Sempre tomei como certo que mais frutos saboreia aquele que mais semeia. Mas regresso a uma Escola onde a vida se mediu com (des)contas que provaram ser 7 muito mais que vida inteira, 60 maior que 94, caminho dedicado bem menos que estrada curta titulada. E sublinho a ironia que provou poder ser 109, não utilizado com consciente vontade, menor que o 60 de sorte, porque assim coincidiram o número de cadeiras vazias e o número de participantes no jogo do sente-se quem conseguir. E em tantas escolas tantos 100 pontos, ou mais de 100... de pé. A justiça pode ser um jogo de azar... Que matemática ensinarei a partir de agora aos meus alunos? De que diversidade democrática se construirá a escola? (Vejo o desapontamento de órgãos de gestão e professores, sem opção de escolha, tendo na massa anónima atitular tanta competência desaproveitada...)

Costumo regressar de alma fresca. Limpa. Janelas abertas a outras aragens e aves que nem imagino. Gosto de não imaginar tudo, de deixar que viajem até mim palavras em que não pensei. Devo-lhes a eles, que são razão de tudo, esse meu espaço em branco onde podem escrever. Todos temos folhas vazias que precisam de ser pintadas com calma. Com sentido. Com tempo para cozinhar novos agasalhos de Inverno, tecer andaimes fortes. Fazê-lo com os alunos, com os pares na arte, com os pares agrupados por cada turma. Não viver rente ao chão repetindo gestos, sem minutos para os reinventar cooperando. Onde está ele, esse tempo (aridamente gasto), que deixou de ser luz amadurecendo asas?

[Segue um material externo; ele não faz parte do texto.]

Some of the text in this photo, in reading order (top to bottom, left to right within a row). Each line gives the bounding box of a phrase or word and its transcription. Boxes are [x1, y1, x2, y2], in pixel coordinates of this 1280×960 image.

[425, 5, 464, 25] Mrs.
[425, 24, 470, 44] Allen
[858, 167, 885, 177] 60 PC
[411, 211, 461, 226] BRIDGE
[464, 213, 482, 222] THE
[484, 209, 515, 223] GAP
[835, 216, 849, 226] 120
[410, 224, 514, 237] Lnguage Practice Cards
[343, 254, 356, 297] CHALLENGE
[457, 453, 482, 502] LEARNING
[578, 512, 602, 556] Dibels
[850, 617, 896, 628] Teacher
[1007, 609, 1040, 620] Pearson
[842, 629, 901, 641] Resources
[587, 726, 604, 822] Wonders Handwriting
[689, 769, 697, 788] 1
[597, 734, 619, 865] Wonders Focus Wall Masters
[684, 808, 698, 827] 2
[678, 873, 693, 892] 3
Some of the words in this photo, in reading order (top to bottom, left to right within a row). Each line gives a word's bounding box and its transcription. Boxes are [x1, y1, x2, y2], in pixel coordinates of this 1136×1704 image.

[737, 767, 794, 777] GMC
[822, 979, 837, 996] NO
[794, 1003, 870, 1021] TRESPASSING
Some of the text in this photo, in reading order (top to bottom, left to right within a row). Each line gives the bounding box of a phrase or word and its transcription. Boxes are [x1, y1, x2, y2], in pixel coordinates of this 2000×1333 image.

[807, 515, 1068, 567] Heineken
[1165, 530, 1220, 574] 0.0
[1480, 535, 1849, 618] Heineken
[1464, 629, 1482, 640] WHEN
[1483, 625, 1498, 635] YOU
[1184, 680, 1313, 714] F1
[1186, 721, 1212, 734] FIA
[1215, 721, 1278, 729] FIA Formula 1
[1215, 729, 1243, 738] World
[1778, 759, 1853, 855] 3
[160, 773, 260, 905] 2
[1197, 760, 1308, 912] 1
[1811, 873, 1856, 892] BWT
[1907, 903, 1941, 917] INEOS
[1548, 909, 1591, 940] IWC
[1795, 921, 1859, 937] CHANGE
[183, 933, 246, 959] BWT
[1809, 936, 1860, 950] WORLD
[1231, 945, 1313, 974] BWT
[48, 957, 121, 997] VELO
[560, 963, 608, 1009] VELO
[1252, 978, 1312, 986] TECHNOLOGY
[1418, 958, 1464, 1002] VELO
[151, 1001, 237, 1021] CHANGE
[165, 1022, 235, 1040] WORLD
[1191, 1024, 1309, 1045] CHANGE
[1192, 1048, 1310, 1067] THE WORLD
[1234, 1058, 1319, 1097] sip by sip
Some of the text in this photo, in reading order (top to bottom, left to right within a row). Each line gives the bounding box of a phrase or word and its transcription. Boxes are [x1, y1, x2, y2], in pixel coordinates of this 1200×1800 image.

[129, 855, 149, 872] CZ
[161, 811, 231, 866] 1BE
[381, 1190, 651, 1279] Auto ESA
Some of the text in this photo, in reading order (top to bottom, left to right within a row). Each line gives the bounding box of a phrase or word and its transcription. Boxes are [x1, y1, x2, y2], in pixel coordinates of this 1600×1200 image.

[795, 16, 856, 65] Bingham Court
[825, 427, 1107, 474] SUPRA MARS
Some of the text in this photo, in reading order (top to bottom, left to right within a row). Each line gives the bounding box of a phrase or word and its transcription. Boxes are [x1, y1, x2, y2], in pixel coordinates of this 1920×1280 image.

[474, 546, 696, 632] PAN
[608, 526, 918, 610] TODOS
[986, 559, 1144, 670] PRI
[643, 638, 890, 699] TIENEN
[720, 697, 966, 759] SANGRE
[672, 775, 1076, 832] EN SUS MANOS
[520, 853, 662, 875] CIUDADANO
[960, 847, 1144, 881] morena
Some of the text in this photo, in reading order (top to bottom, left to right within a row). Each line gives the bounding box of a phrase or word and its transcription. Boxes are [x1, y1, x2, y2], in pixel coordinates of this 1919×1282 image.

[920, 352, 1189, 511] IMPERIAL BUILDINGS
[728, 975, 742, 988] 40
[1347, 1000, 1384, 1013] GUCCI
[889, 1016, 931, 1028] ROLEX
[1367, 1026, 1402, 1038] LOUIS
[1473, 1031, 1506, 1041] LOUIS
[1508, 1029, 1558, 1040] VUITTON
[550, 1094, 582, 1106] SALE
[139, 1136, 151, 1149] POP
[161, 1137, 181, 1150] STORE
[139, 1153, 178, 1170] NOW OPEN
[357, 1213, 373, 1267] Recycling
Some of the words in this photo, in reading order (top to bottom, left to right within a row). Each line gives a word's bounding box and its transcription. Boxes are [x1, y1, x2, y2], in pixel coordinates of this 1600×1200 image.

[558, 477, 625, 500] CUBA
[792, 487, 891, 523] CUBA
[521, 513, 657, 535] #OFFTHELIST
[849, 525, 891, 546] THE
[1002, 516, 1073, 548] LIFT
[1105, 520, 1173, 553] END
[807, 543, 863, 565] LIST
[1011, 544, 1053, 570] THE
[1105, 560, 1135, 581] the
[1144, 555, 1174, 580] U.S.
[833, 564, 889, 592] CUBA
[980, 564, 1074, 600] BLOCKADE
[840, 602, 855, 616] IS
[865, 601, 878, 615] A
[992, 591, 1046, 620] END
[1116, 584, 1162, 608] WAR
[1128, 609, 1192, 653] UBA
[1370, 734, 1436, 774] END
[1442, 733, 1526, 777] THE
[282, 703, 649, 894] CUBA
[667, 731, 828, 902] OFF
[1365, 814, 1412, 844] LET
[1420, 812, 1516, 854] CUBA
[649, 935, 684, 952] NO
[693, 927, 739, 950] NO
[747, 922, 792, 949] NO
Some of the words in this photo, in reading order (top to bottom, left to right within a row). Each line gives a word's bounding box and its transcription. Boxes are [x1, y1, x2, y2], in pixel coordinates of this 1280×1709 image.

Costumo repetir baixinho, como mantra, a palavra esperança. Para reforçar a crença num futuro com cara humana. Que eu sei da escola algo que parece ter esquecido: as gentes que lhe enformam a alma não se medem aos números. Costumo escrever um poema. Celebrar. E vou fazer tudo o que costumo fazer. E entrar pela porta de cabeça erguida. E usar quase todos os sorrisos que tenho no corpo.

(Saberei eu, apenas, o certo sorriso que falta e que aqui lhe tento dizer.)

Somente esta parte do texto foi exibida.